The Numbers Behind the NoiseSeven out of ten nurses surveyed across Massachusetts say the quality of patient care has deteriorated over the past two years. That figure has climbed by more than 30 points from pre-pandemic levels and has held stubbornly high. Three in five nurses identify understaffing as the primary obstacle to the care their patients need.
The downstream effects show up in concrete ways. Eight in ten nurses report that patients go without adequate comfort and assistance because capacity simply does not allow for it. Nearly three-quarters say discharge planning and patient education fall short for the same reason. Half are aware of medication errors tied directly to excessive workloads. Decades of research reinforce what nurses are describing: heavier patient assignments correlate with worse outcomes and higher mortality risk, and wait times in emergency settings climb steeply with each additional patient a nurse must manage in a shift.
For hospital leaders focused on care quality, these numbers describe conditions they have every reason to want to change.
One figure in this year's survey deserves particular attention: 79% of nurses with five or fewer years of experience personally encountered workplace violence or abuse in the past two years. That is 10 points higher than the already significant overall rate of 69%.
Newer nurses are entering the profession during one of its most challenging periods, with less established clinical footing and fewer of the informal support systems that experienced nurses build over time. The exposure to violence at this stage in a career accelerates an exit decision that many organizations can least afford. Nearly a third of all nurses surveyed say they plan to leave the profession earlier than originally intended.
This is where the opportunity for leadership is clearest. Institutional protection has become one of the most meaningful signals an organization can send to someone who is just beginning their career. A nurse choosing between employers is evaluating, often at an instinctive level, which organization will take their physical safety seriously as a structural priority, not just a stated value.

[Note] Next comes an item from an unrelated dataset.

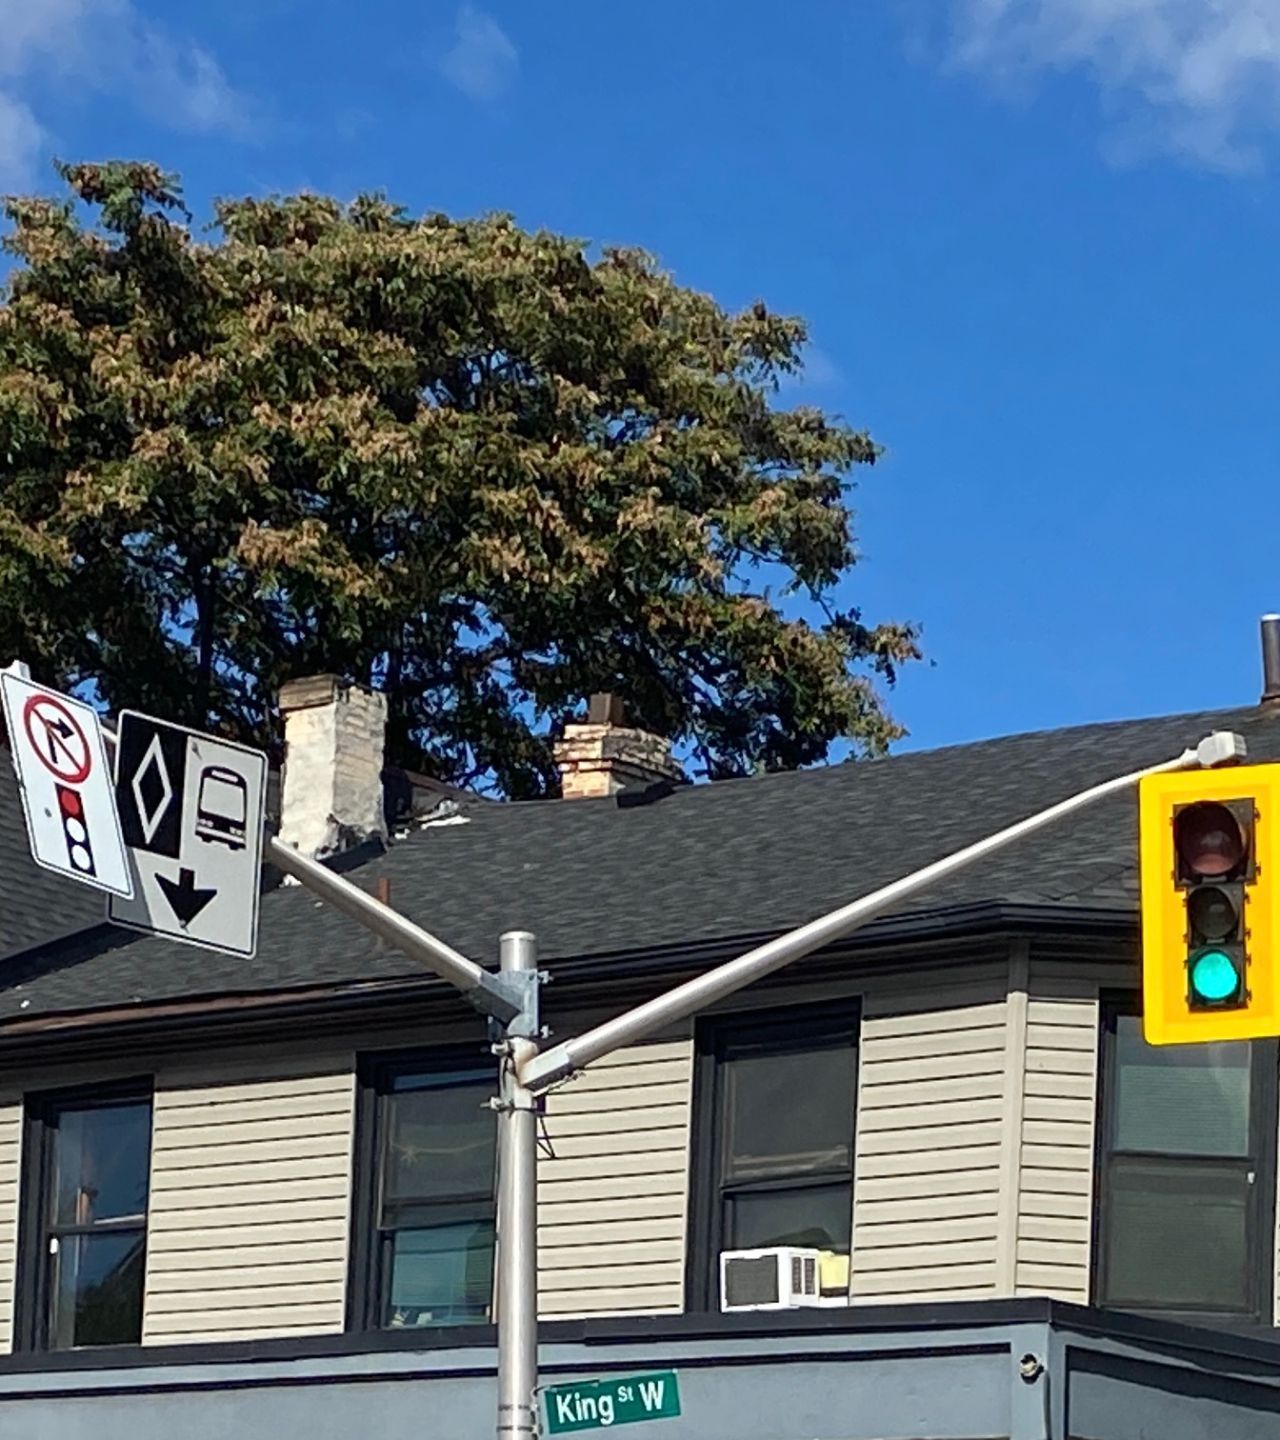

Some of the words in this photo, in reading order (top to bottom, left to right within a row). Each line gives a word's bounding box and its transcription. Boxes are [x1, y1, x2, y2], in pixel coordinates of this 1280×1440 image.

[556, 1392, 614, 1425] King
[617, 1385, 634, 1402] St
[638, 1380, 664, 1411] W

Workplace violence in healthcare does not appear in isolation. It tends to develop in conditions already present in an understaffed unit, long before anything escalates.
When nurses cannot adequately comfort and assist patients and cannot complete discharge education, patients and families experience a care environment that feels uncertain. They do not always understand the operational reasons. What they feel is anxiety and a loss of control during some of the most difficult moments of their lives. Research consistently shows that unmet basic needs and extended wait times are among the strongest precursors to patient frustration escalating into aggression. The staffing and safety challenges are closely connected, and they can be addressed together.
Leading health systems across Massachusetts are reshaping the questions they ask about safety. Rather than focusing only on how to respond after an incident, they are building environments designed to prevent escalation and to support staff rapidly when situations do arise.
Integrated safety infrastructure plays a meaningful role here. Wearable alert systems that allow a nurse to quietly notify security with a single motion, without leaving the room or interrupting care, close one of the most persistent gaps in staff protection: the time between when a situation begins to deteriorate and when support arrives. Communication platforms that connect clinical staff, security teams, and supervisors in real time enable coordinated responses in seconds rather than minutes.
Technology is one layer of a broader approach. The organizations making the most progress tend to combine visible security presence, behavioral health rounding in high-acuity areas, and structured processes for identifying situations early. Think of it as a lattice: each element supports the others, and together they create protection that holds under real-world conditions.
Massachusetts has more registered nurses per capita than almost anywhere else in the country, and the pipeline remains strong. The challenge described in this year's survey is not a supply problem but an environmental problem, and the environment is something leadership can act on directly.
When nurses see that their organization anticipates their risks, invests in the right tools, and responds meaningfully when they raise concerns, something shifts. The survey data clearly shows that the factors that would persuade nurses to stay are not primarily compensation-related. Adequate support, manageable workloads, and the sense that leadership has their back rank at the top of the list.
The path forward is hopeful. The nurses working in Massachusetts hospitals right now want to stay in this profession. Giving them an environment where they can do that is both the right thing to do and one of the most practical investments a healthcare organization can make.